(Spatial localization data)
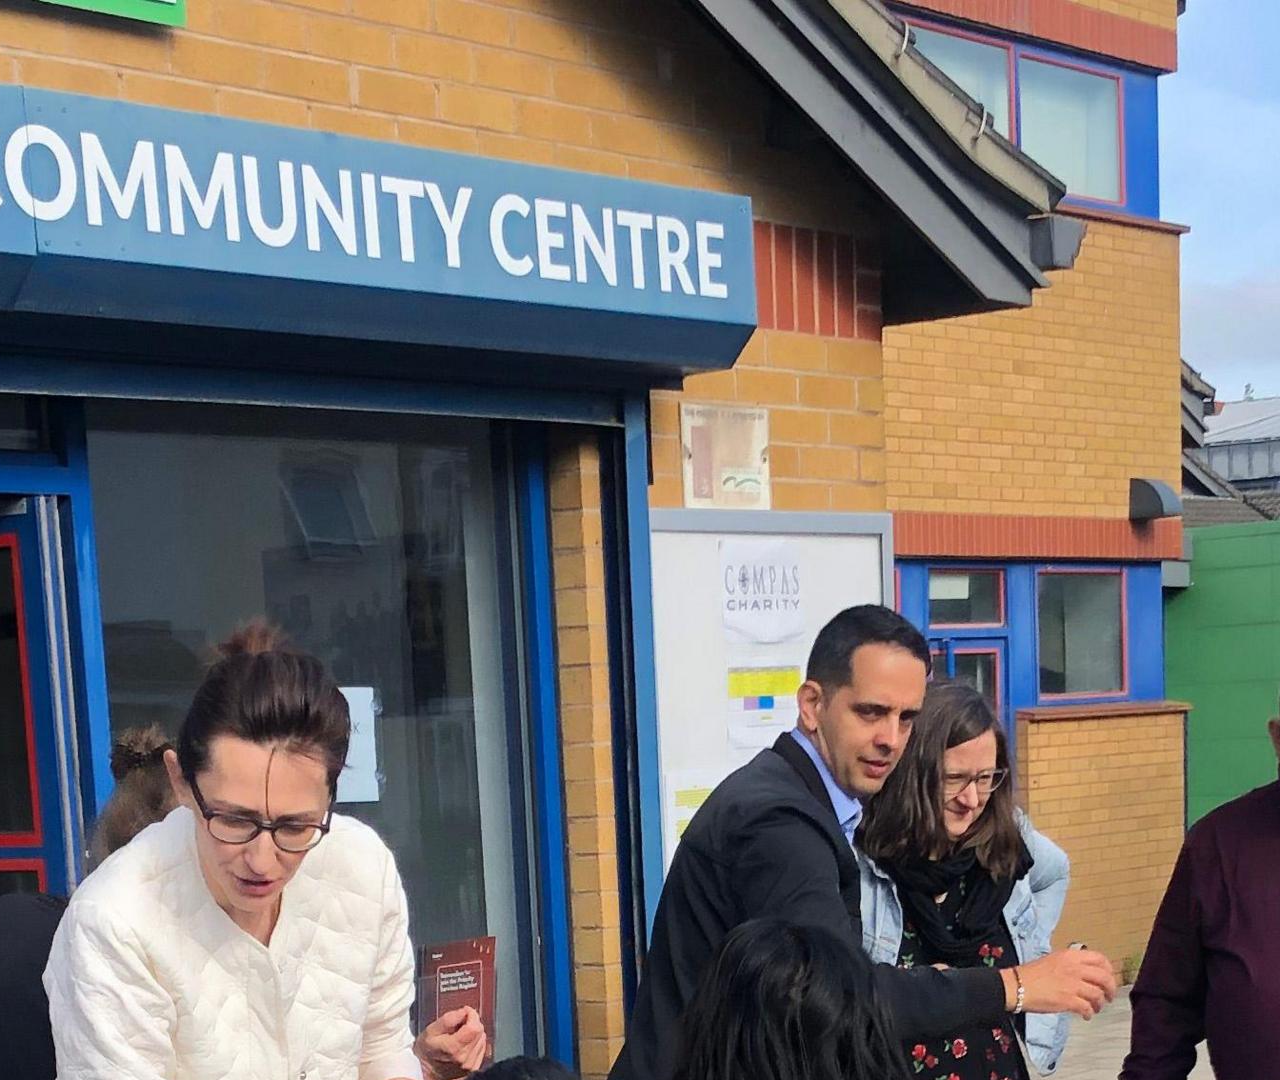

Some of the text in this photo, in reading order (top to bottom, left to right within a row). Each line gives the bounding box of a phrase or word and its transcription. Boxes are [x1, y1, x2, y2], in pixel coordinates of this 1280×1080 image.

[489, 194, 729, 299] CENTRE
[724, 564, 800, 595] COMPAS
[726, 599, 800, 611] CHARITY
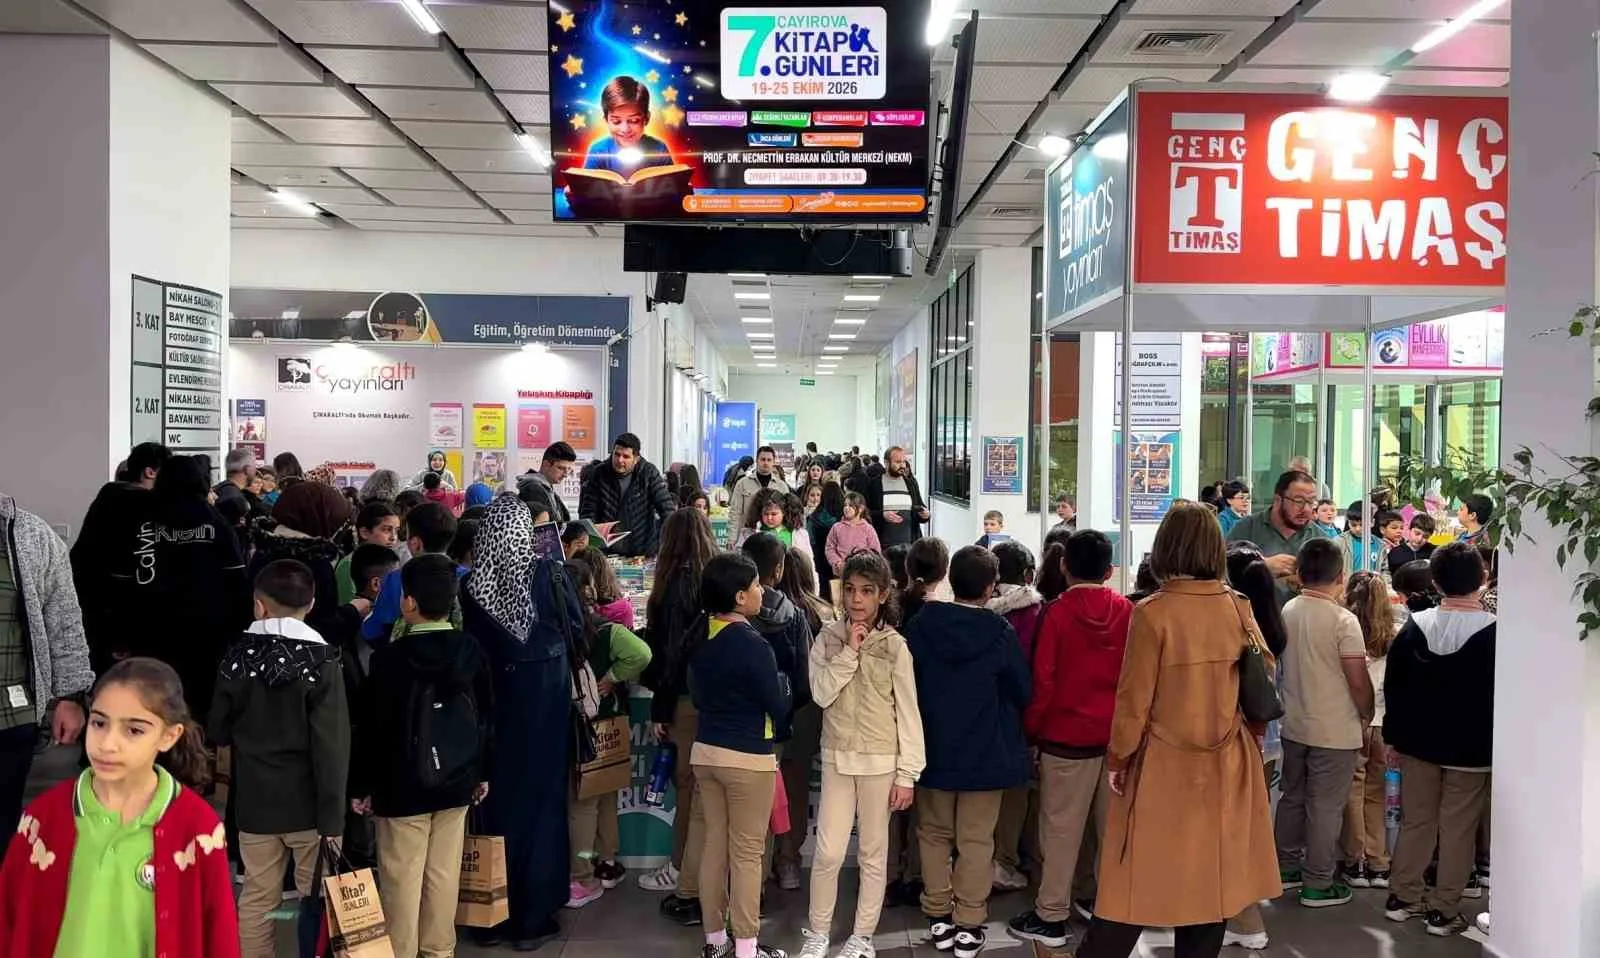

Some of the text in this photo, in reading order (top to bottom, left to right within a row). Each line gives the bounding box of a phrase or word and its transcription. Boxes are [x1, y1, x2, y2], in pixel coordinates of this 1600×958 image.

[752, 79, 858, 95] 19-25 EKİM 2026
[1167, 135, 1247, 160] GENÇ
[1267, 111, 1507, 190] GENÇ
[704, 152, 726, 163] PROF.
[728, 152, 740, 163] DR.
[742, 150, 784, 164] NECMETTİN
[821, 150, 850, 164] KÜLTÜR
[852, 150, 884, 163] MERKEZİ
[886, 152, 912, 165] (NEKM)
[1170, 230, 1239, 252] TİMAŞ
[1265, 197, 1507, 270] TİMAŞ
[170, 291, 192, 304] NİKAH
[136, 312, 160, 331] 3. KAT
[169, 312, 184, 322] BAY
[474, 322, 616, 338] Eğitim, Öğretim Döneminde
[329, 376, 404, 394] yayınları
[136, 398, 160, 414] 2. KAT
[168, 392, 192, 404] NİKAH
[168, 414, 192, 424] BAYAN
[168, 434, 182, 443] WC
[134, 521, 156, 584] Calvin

| Task item |
Set down the entries above exactly, and keep every picture out of your copy.

| Answer box |
Some of the text in this photo, in reading order (top to bottom, left to right within a row). Each line gives the bounding box of a phrase or word and its transcription. Boxes are [x1, y1, x2, y2], in pixel coordinates of this 1280×1080 image.

[489, 194, 729, 299] CENTRE
[724, 564, 800, 595] COMPAS
[726, 599, 800, 611] CHARITY

Some of the text in this photo, in reading order (top to bottom, left to right within a row). Each line gives the bounding box of a phrase or word and its transcription. Boxes are [x1, y1, x2, y2], in pixel coordinates of this 1600×958 image.

[752, 79, 858, 95] 19-25 EKİM 2026
[1167, 135, 1247, 160] GENÇ
[1267, 111, 1507, 190] GENÇ
[704, 152, 726, 163] PROF.
[728, 152, 740, 163] DR.
[742, 150, 784, 164] NECMETTİN
[821, 150, 850, 164] KÜLTÜR
[852, 150, 884, 163] MERKEZİ
[886, 152, 912, 165] (NEKM)
[1170, 230, 1239, 252] TİMAŞ
[1265, 197, 1507, 270] TİMAŞ
[170, 291, 192, 304] NİKAH
[136, 312, 160, 331] 3. KAT
[169, 312, 184, 322] BAY
[474, 322, 616, 338] Eğitim, Öğretim Döneminde
[329, 376, 404, 394] yayınları
[136, 398, 160, 414] 2. KAT
[168, 392, 192, 404] NİKAH
[168, 414, 192, 424] BAYAN
[168, 434, 182, 443] WC
[134, 521, 156, 584] Calvin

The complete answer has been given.